Conception room with a view
I feel like the Sword of Damocles is hanging over my head.  Yes I have another chance and I should be happy but I can't help but feel its all about to fall apart again at any second.  Slip through my fingers...

I feel guilty that I am so... not negative exactly, but certainly not positive. Not quite ambivalent as I do care, in my head at least, but I'm not ready to let myself feel that I care very much.  I'm too apprehensive. Its not safe.

I feel like a total ingrate and it seems unfair somehow to all women everywhere who want to be pregnant and aren't and unfair to the wee one inside me right now.

I feel bad that my emotions are not of sweetness and light, unicorns and rainbows.  I am supposed to be the mother doing the best for her child.  I know that relaxation and positive thought correlates with successful pregnancy outcomes and maternal anxiety correlates with adverse outcomes.

I know there are no guarantees and I have no control other than looking after myself in the same way I have been for all the years we have been trying to have a baby.  But I want so much to be able to do something, cling to something, anything that might indicate that this time will be different.  Cue symptom spotting mentalness, which I know is futile, but I don't seem to be able to stop checking in with myself for symptoms fifty times a day.

And even though I understand all these things in my head, I really don't have a clue what to do about changing any of it.

I had my last session with the grief counsellor this week and she said it is a normal part of grieving - that as this one grows, I re-experience my loss of the others.  That she'd be more worried about my mental health if I was all gung-ho and super upbeat about everything.  Nice enough to hear, but it doesn't change things.

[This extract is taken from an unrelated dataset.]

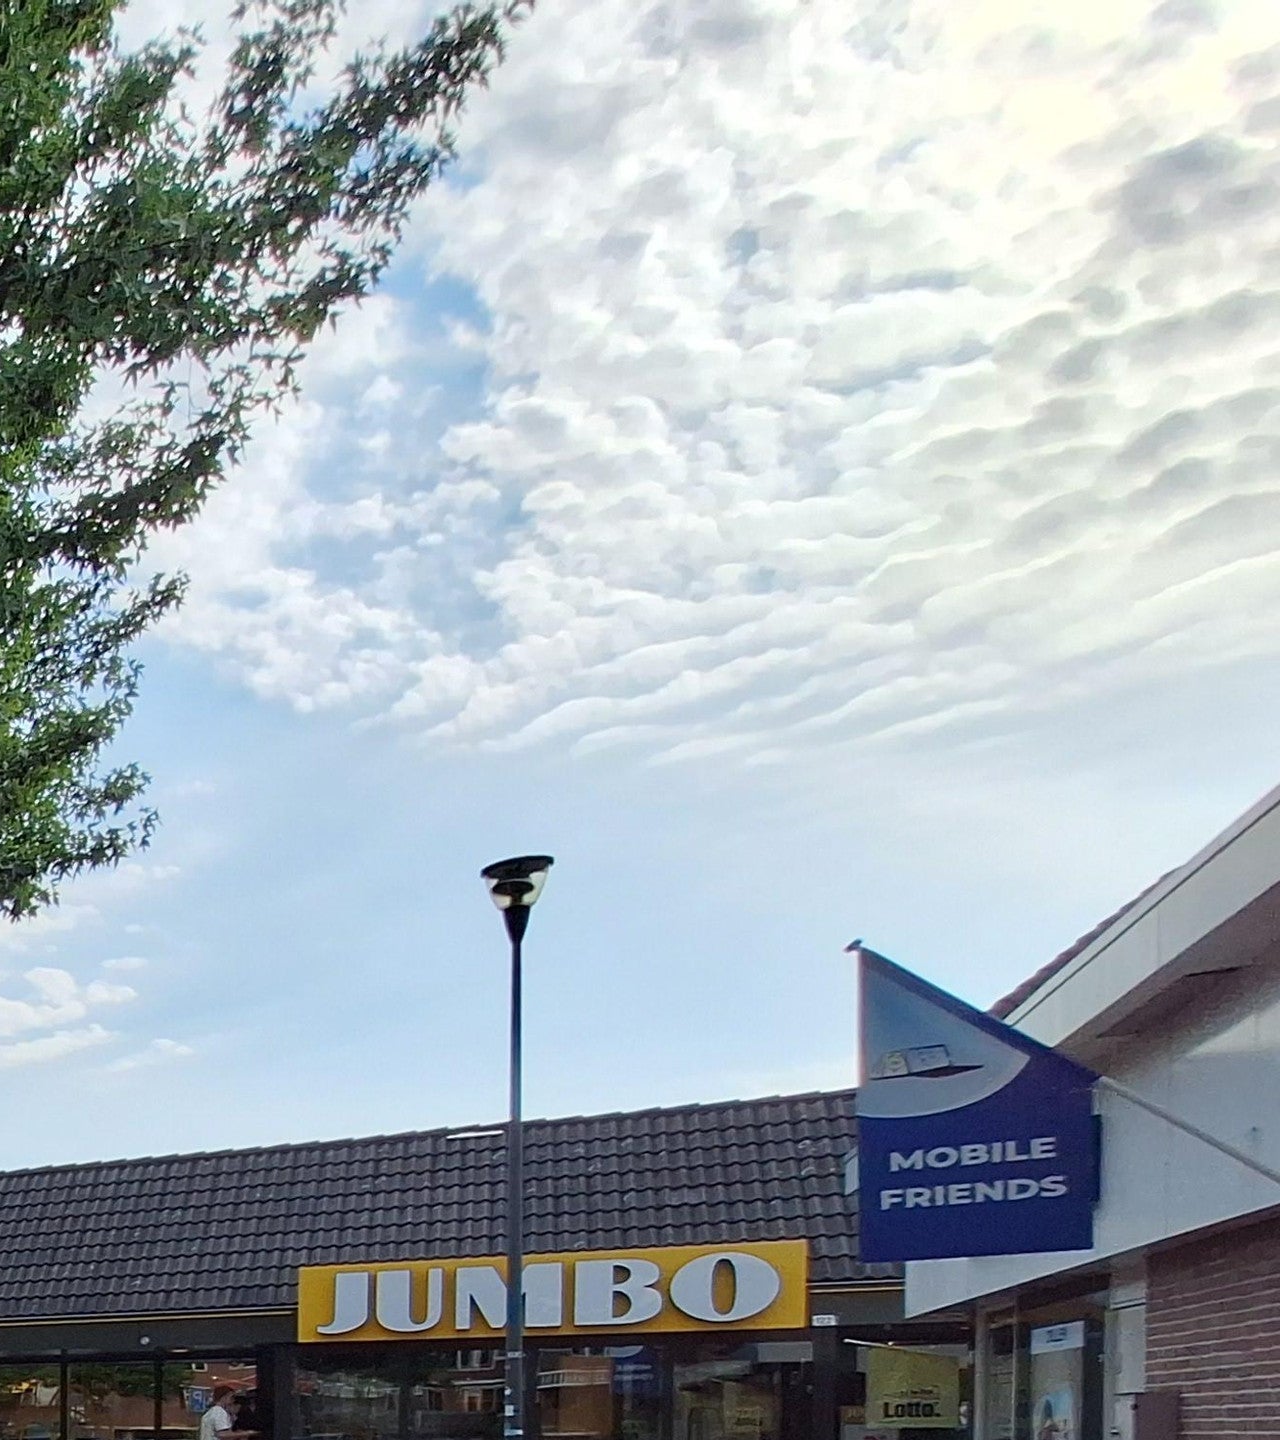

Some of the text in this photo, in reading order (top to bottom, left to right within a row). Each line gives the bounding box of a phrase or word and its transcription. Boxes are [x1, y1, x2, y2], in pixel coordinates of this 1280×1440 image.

I started work at a new contract today - its only mornings for the rest of the month, but I'm hoping a set of data problems to solve for work will help keep my mind focussed on things other than the feelings of impending doom that threaten to overwhelm me.

**********

In other news

  • The movers are booked
  • I bought our flights to Australia this evening and we're off in a month
  • I still need to figure out how to say goodbye to Poppy and Pipkin before we go.  I so hope I don't have to say goodbye to this one too.